One of the most wonderful dune area's of Ameland that is quite close to the inhabited world is the "Roosduinen" reservate just North Of the village of Ballum. This area is aclled "Roosduinen" after the bushes of the dune-rose that are present here everywhere. This special plant produces tiny little roses that become berries that one can actually eat. Locals used to make a jam out of them. The place also has a few sweet water bassins that attract many birds for nesting.
In Ballum once the catsle of the family Van Cammingha used to rule over the island. Their house was the most powerful, but diminished in the 1681, after which Ameland is sold to the Frysian ruler Johan Willem Friso. The castle slowly fell apart and eventually disappered as the stones were sold to Terschelling for coastal defense. Ballum became more and more in the shade of Nes and Hollum and that is still to be seen when going through the village. Almost no commandeurs houses, but large farms to the left and right of the main road.
In recent times the province decided again to place the community hall in Ballum and "power" returned as a seat there. It's also simply because the village is the most central on the island.
Halfway the village, across the street from the Ballumet bell tower, one sees a small modest building that houses the third Baptist church of Ameland. It is - like always - simple and built as a hall where people can gather to pray and listen to the reverant's speeches: the word from God and out of the Bible.
Outside Ballum in the wide open polder fields where black and white (Holland-Frysian) cows are grazing, is a large farmhouse that welcomes all visitors to taste cheese and see how it is actually made. This can be quite interesting for those who want to know the secrets of the famous Dutch cheeses. Ameland cheese has however a very significant taste as it is slightly more salty then other cheeses. For sure that has something to do with the sea air that runs over the island.
Ballum is in agriculture the most active of the four villages. The others have turned to tourism and Ballum actually not that strong. However, the active or extreme sports will almost all start in this central place at Ameland as Ballum holds the airport in it's wide fields. From here parachute jumps are possible (see sports-tips).
Though the power was disappearing from Ballum a certain differnt importance came back in recent times. When the horse pulled rescueing ships from Hollum were outdated and the new fast motorised ships needed a more central place on the island, one choose the Ballumer Bocht (the Ballum Bent) as home station. A long pier with the super fast ships is visible from the dike and can also be visited up close.

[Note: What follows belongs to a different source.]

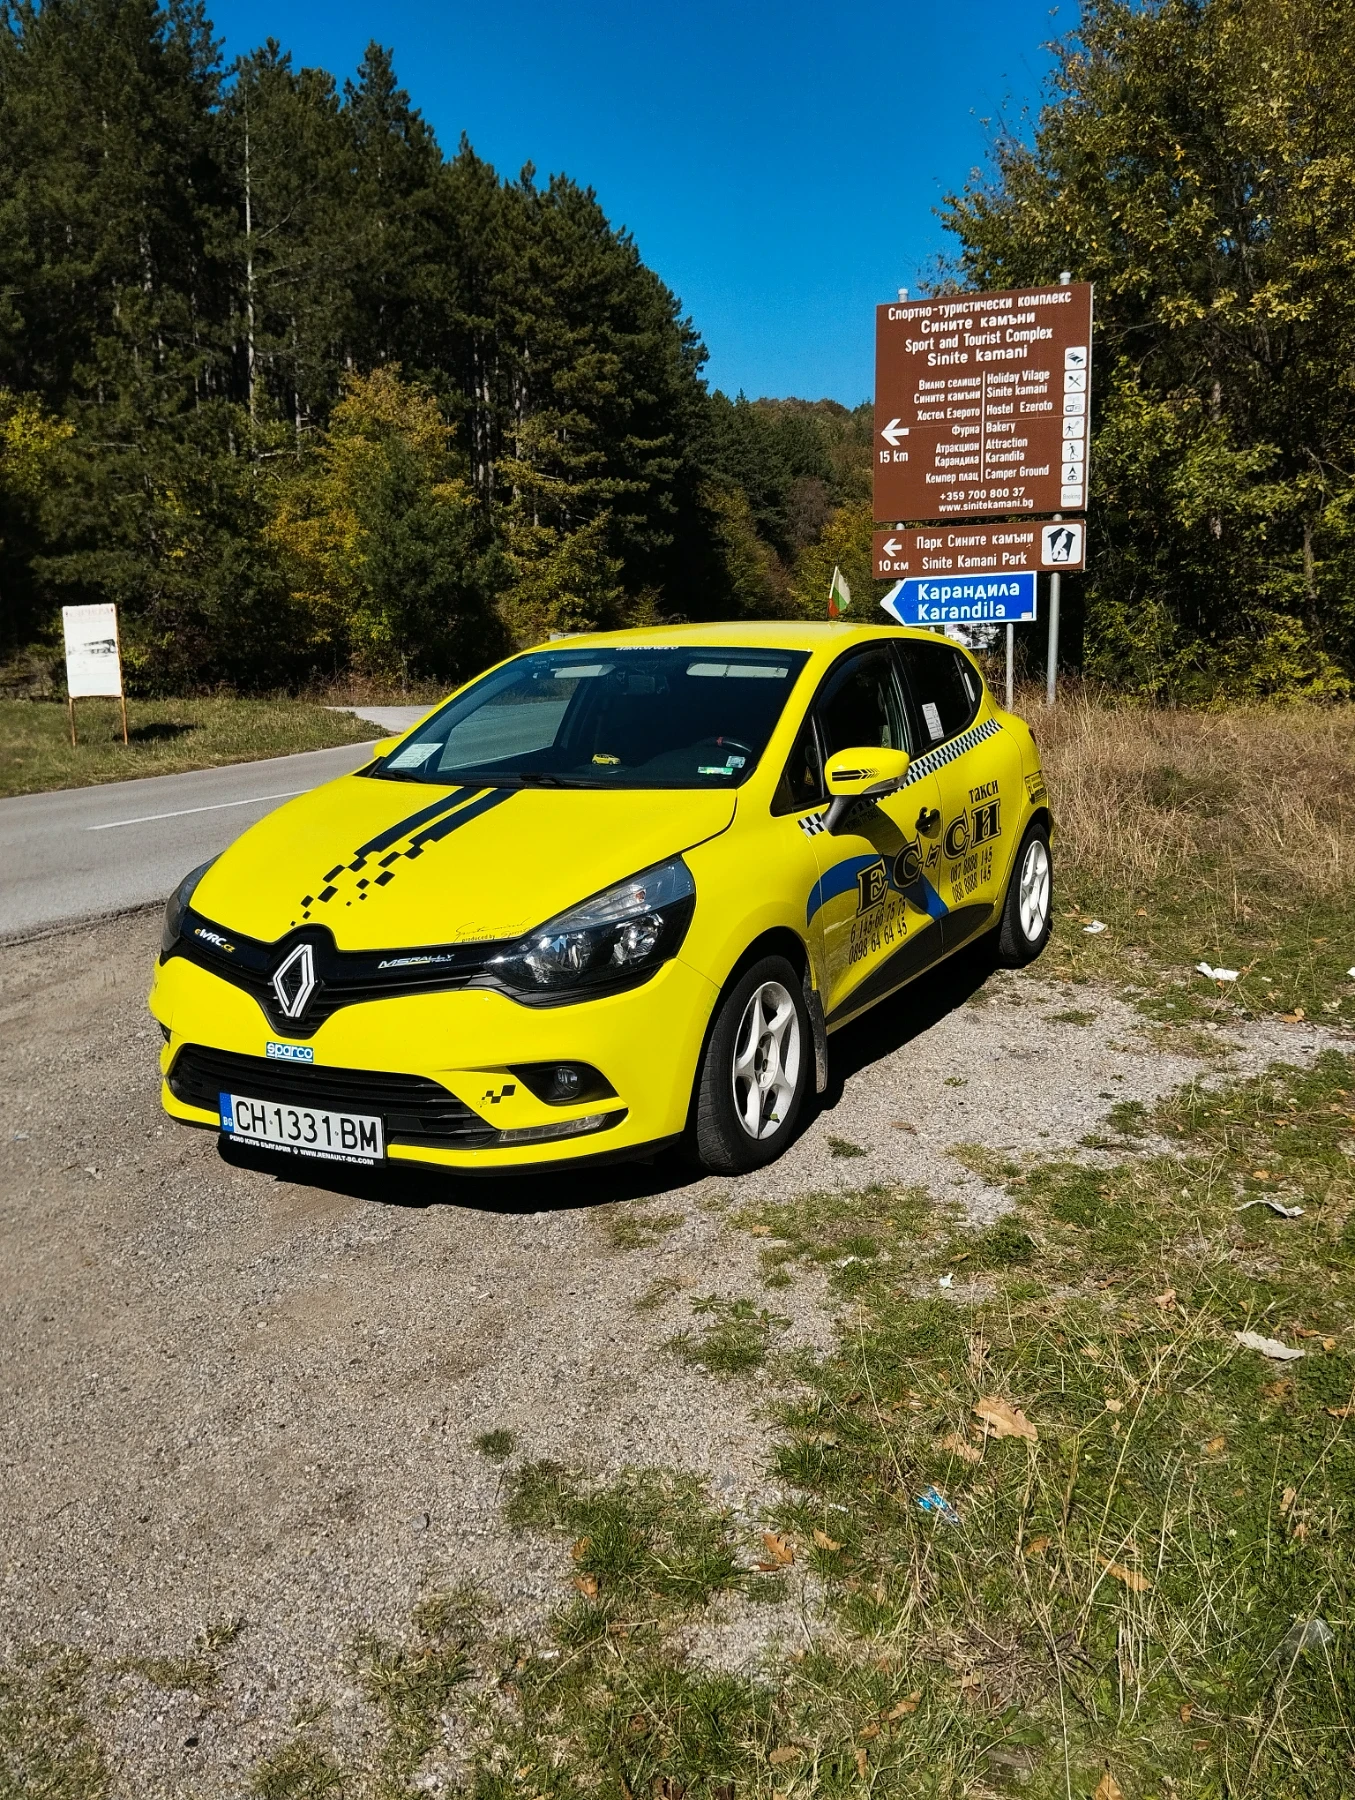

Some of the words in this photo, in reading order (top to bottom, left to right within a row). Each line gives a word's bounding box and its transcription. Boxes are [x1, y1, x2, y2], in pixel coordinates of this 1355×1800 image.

On the same dike there is a monument for other safety agents, the dike watch. These volunteers that keep an eye on the dike during the fiercest storms to act immediately if there would be something wrong with the last defense against the sea water.
Again this is not a churchtower, but a beaken for the ships at sea as well as a place where the bells were hung that told the time and were ringing hard when alarm was given before storm of floadings that endangered the village. It was built in 1755 to replace the initial wooden tower. Above the door used to be the weapon of the Van Cammingha family that ruled Ameland in ancient times from Ballum. The French destroyed this feodale sign when they occupied The Netherlands in Napoleontic times.